La Scienza è l’unica difesa che abbiamo dalla pandemia. Ma in questi due anni, da noi, è successo qualcosa che non si era finora mai visto. La scienza è diventata Star System. Credo che questo salto di sistema, che pare innocuo, non lo sia affatto. Credo che abbia conseguenze sul nostro modo di gestire e vivere la situazione complicata che stiamo affrontando e proverò a dimostrarlo.
Abbiamo ancora circa 5 milioni di non vaccinati. Abbiamo un numero di contagi che sfiora il 10% della intera popolazione italiana. Tra le ragioni che in molti adducono per spiegare la loro diffidenza (nei confronti dei vaccini, nei confronti delle misure adottate dal governo per la protezione sociale) primeggia questa: “Ci dicono cose confuse”. Per il momento, la responsabilità della “comunicazione confusa” è stata attribuita ai media. I media, si è detto, creano confusione. Ma è davvero così?
Il giornalista è un mediatore. Non sa, ma sa informarsi. Sa confrontare le fonti. Sa individuare quelle false. Studia, confronta, interroga, indaga. Il risultato del lavoro di un buon giornalista è una informazione corretta e verificata.

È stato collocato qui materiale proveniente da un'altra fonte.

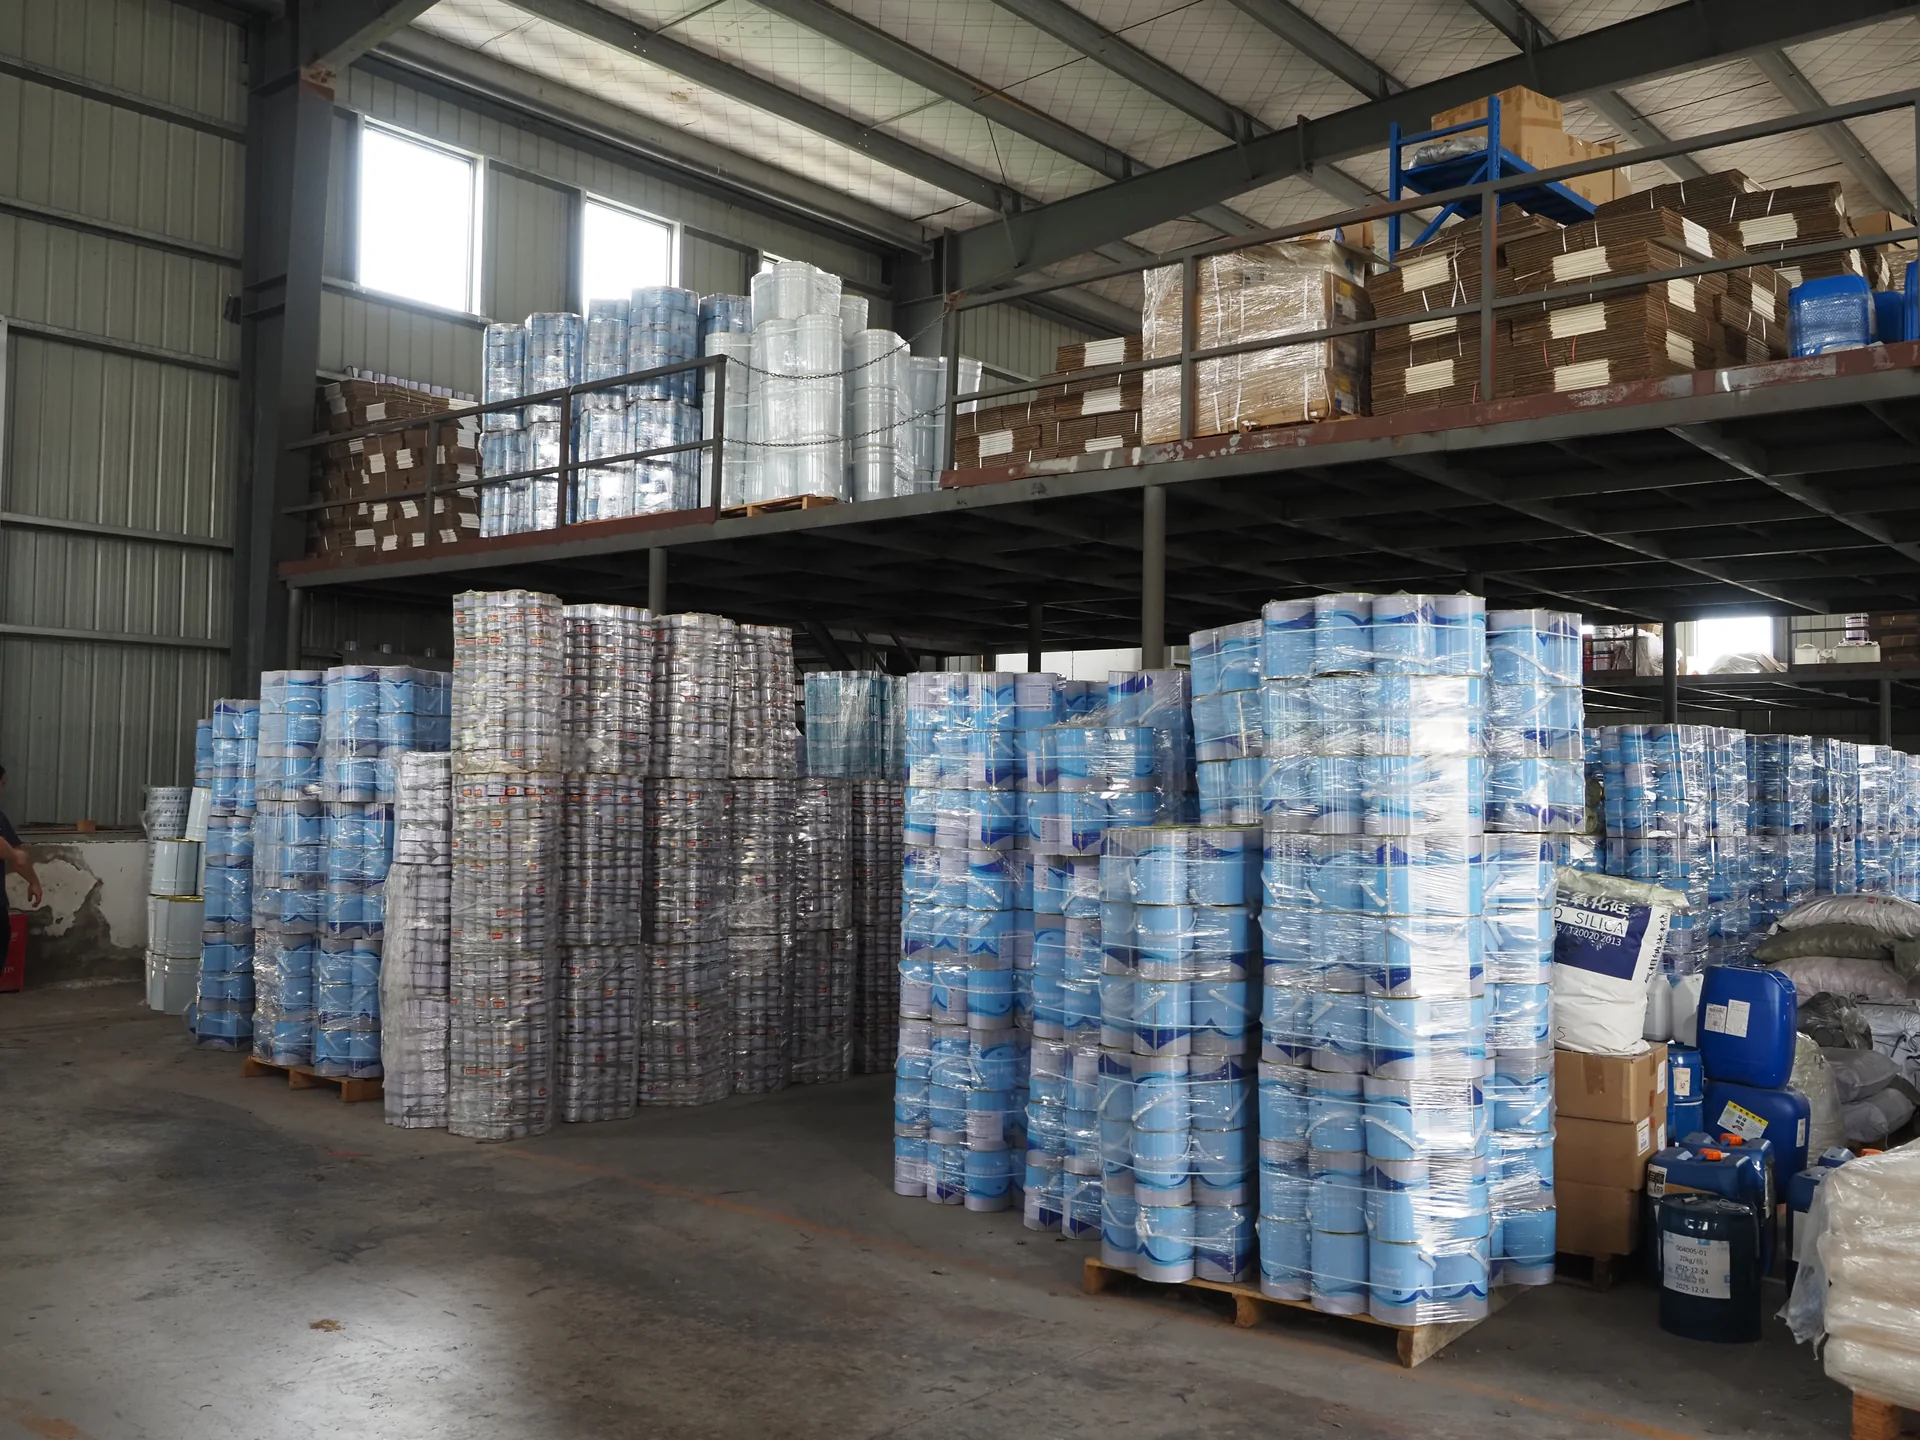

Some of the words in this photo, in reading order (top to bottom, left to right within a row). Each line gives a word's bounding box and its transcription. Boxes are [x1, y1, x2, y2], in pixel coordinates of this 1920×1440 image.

Lo Star System lavora in un modo completamente differente. Il suo scopo è creare dei “divi”. Persone che il pubblico considera speciali, che ammira, di cui imita le abitudini. Per avere un contatto con i divi, il pubblico è disposto a pagare un biglietto. Anela a vederli in televisione. Anela a incontrarli, a conoscerne i segreti. Attribuisce loro un potere sulla propria vita. Che sia l’innamoramento platonico o l’imitazione. Per ottenere lo status di “divo”, serve un apparato. Un sistema complesso di competenze che creano, appunto, il fenomeno che chiamiamo “divismo”. I divi non si offrono al pubblico. Vengono offerti da un mediatore (l’agente) e da uno staff pubblicitario che crea la loro identità, inventa la loro immagine, decide i loro comportamenti e li comunica affinché creino, appunto, il mito.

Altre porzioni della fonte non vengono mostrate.